## WORK ORDER
Give back each record precisely, pictures excluded.

── DATA SUPPLIED

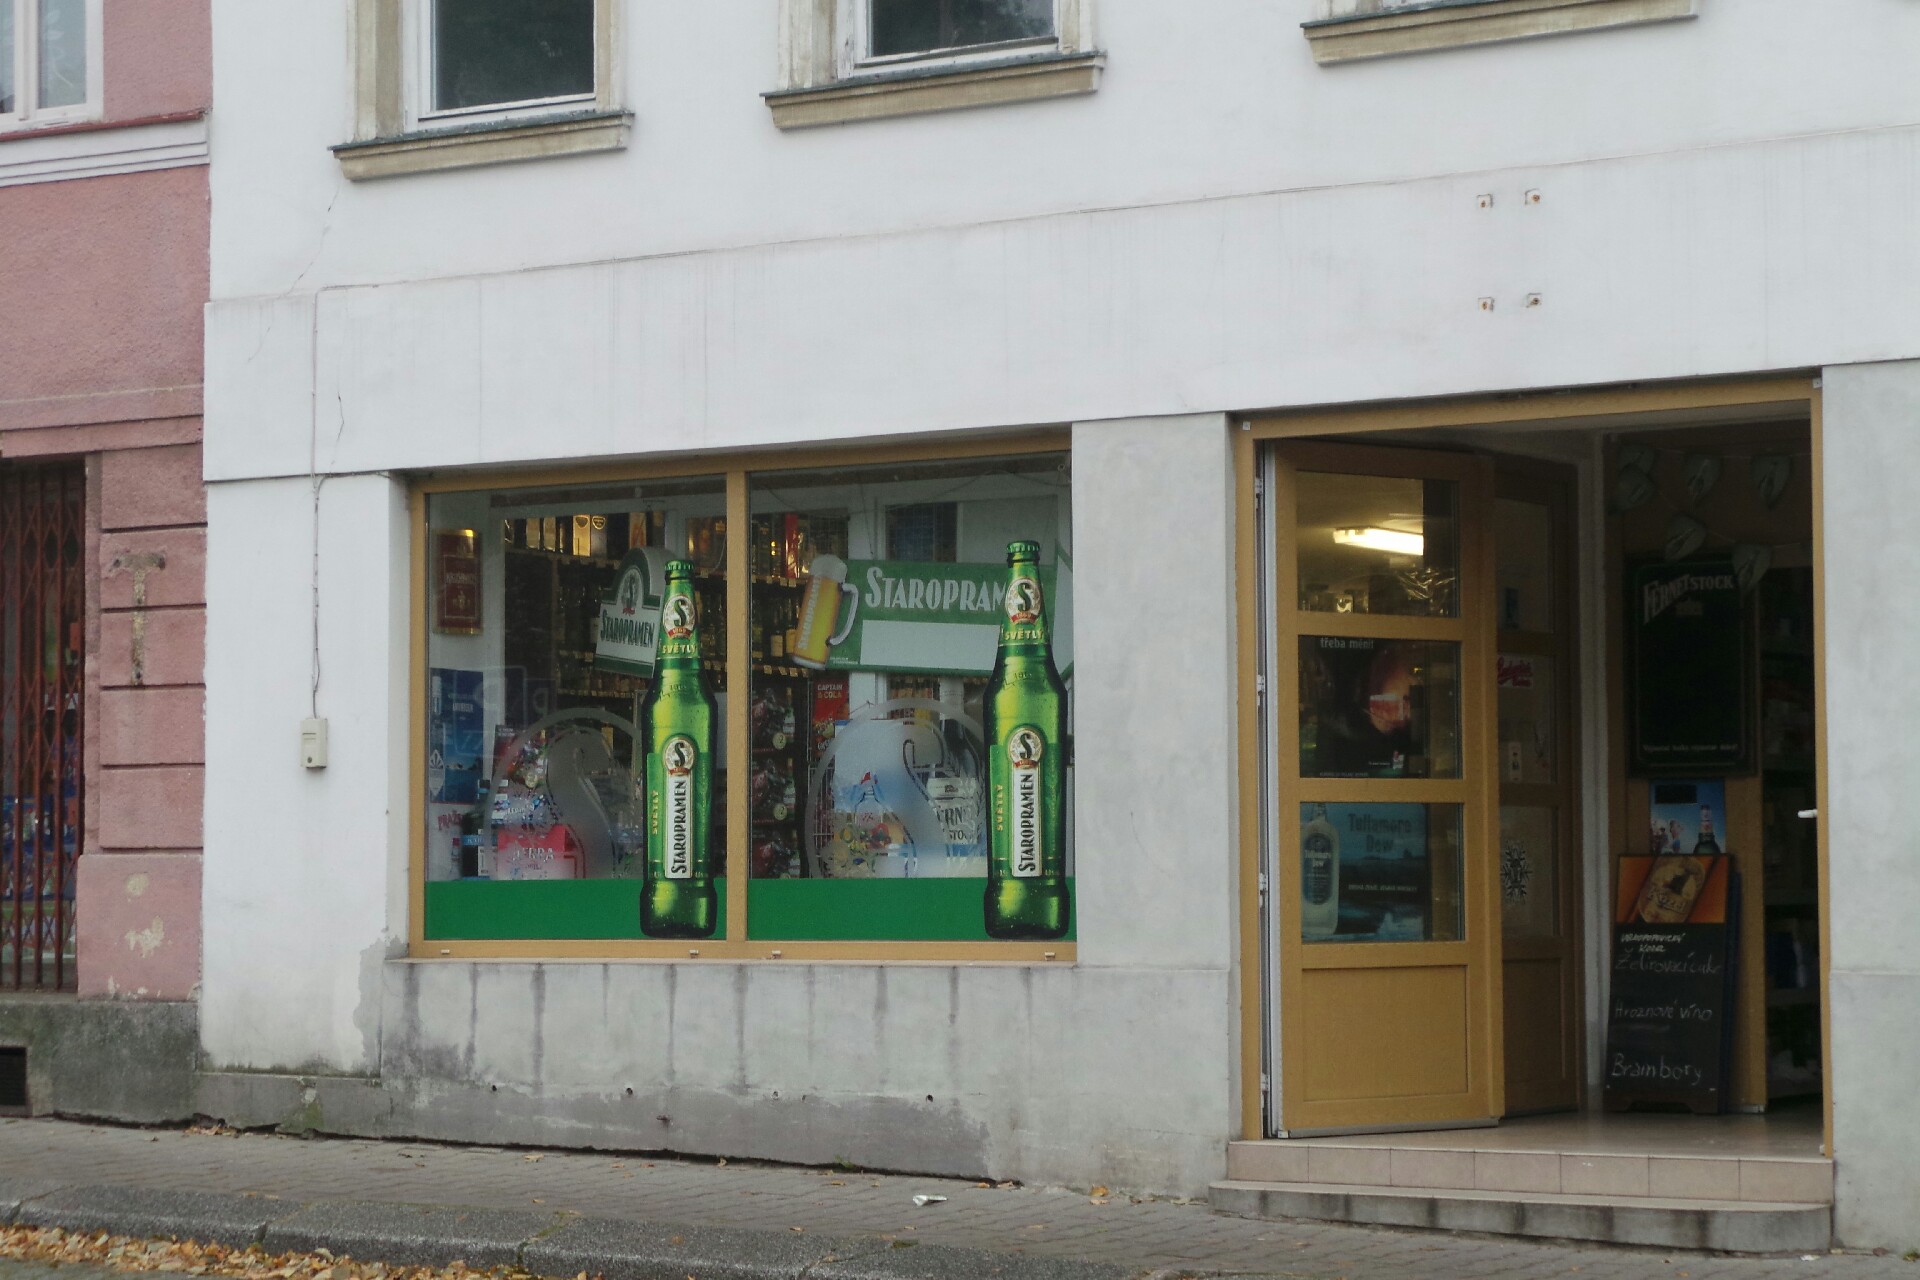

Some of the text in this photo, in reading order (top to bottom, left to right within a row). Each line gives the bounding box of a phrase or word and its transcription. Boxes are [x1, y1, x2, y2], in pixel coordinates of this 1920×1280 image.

[865, 566, 1006, 612] STAROPRAM
[600, 609, 655, 648] STAROPRAMEN
[1320, 637, 1346, 649] třeba
[670, 781, 688, 874] STAROPRAMEN
[1018, 774, 1036, 872] STAROPRAMEN
[1680, 1003, 1714, 1021] víno
[1611, 1052, 1702, 1086] Brambory
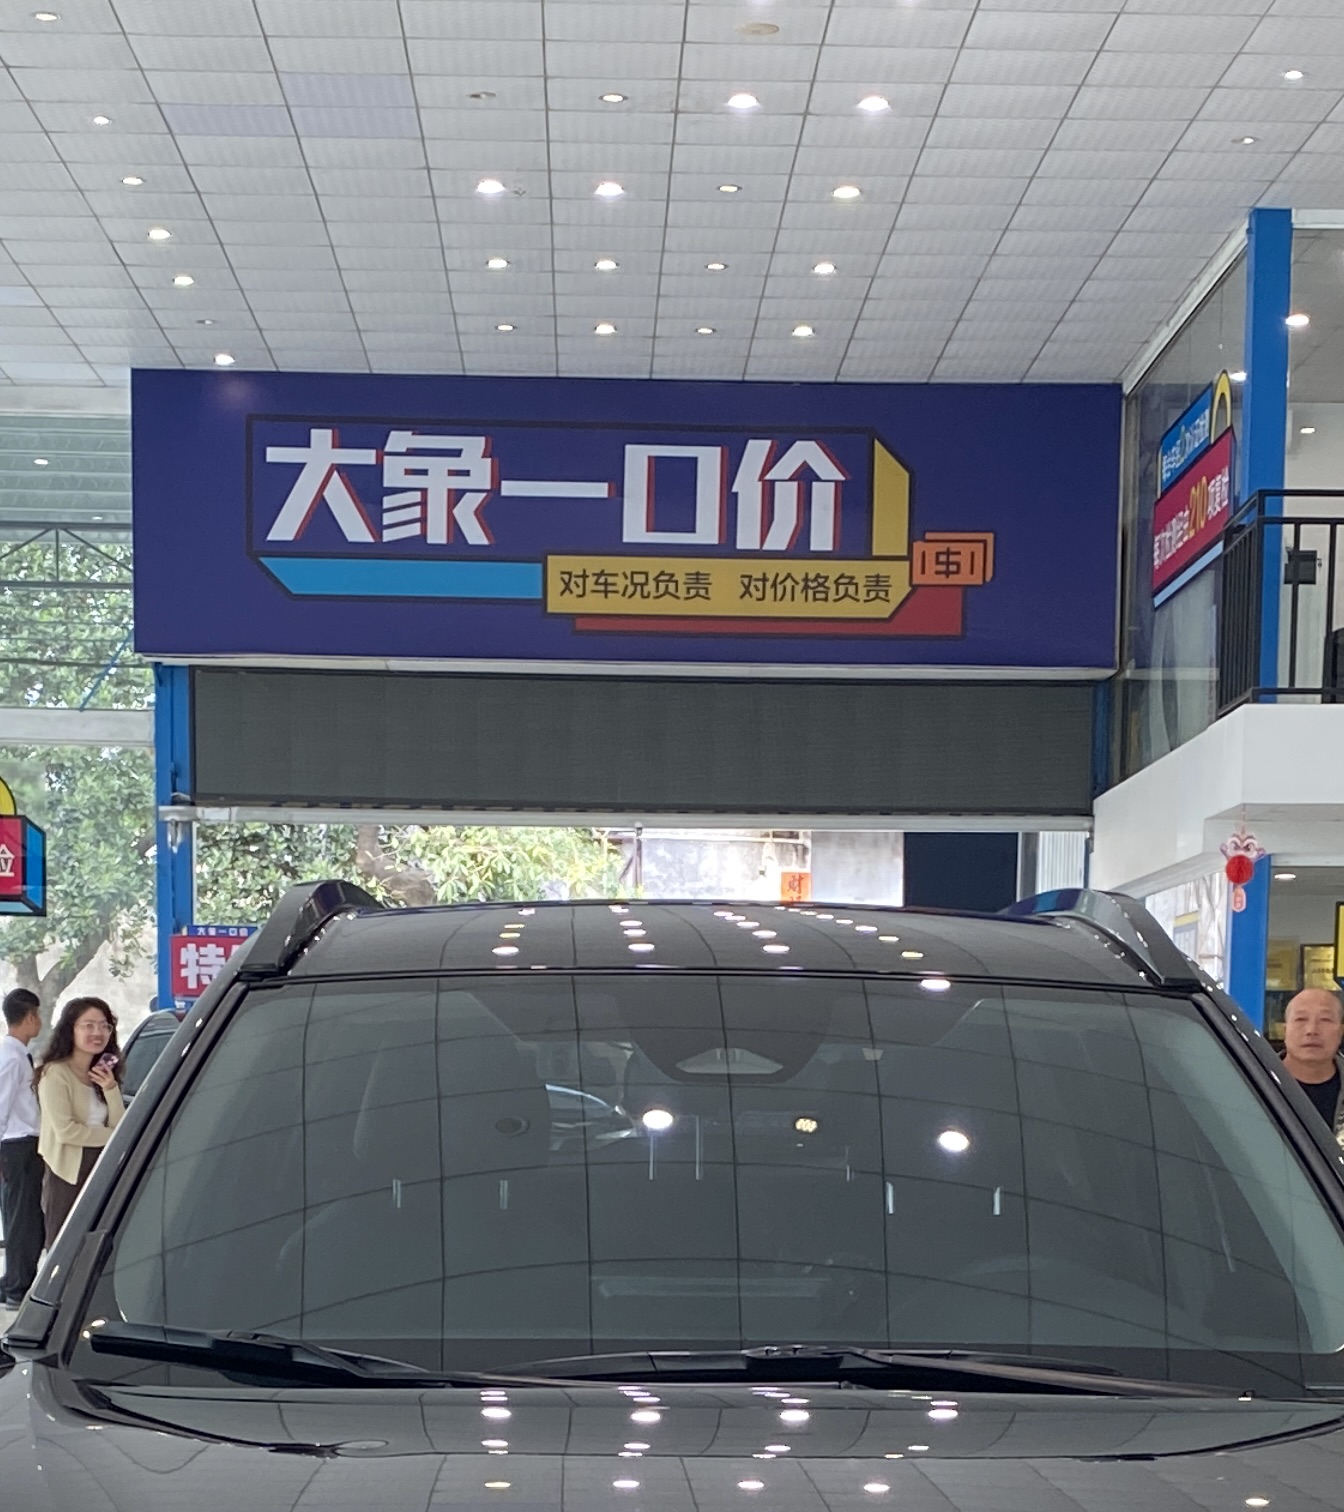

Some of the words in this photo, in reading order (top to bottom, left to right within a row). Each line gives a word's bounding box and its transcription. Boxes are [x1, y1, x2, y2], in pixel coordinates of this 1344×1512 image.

[264, 427, 848, 552] 大象一口价
[560, 568, 713, 601] 对车况负责
[739, 571, 893, 604] 对价格负责

────

## OUTPUT
Some of the text in this photo, in reading order (top to bottom, left to right within a row). Each line gives the bounding box of a phrase or word and its transcription. Boxes are [x1, y1, x2, y2], in pixel coordinates of this 1920×1280 image.

[865, 566, 1006, 612] STAROPRAM
[600, 609, 655, 648] STAROPRAMEN
[1320, 637, 1346, 649] třeba
[670, 781, 688, 874] STAROPRAMEN
[1018, 774, 1036, 872] STAROPRAMEN
[1680, 1003, 1714, 1021] víno
[1611, 1052, 1702, 1086] Brambory

Some of the words in this photo, in reading order (top to bottom, left to right within a row). Each line gives a word's bounding box and its transcription. Boxes are [x1, y1, x2, y2], in pixel coordinates of this 1344×1512 image.

[264, 427, 848, 552] 大象一口价
[560, 568, 713, 601] 对车况负责
[739, 571, 893, 604] 对价格负责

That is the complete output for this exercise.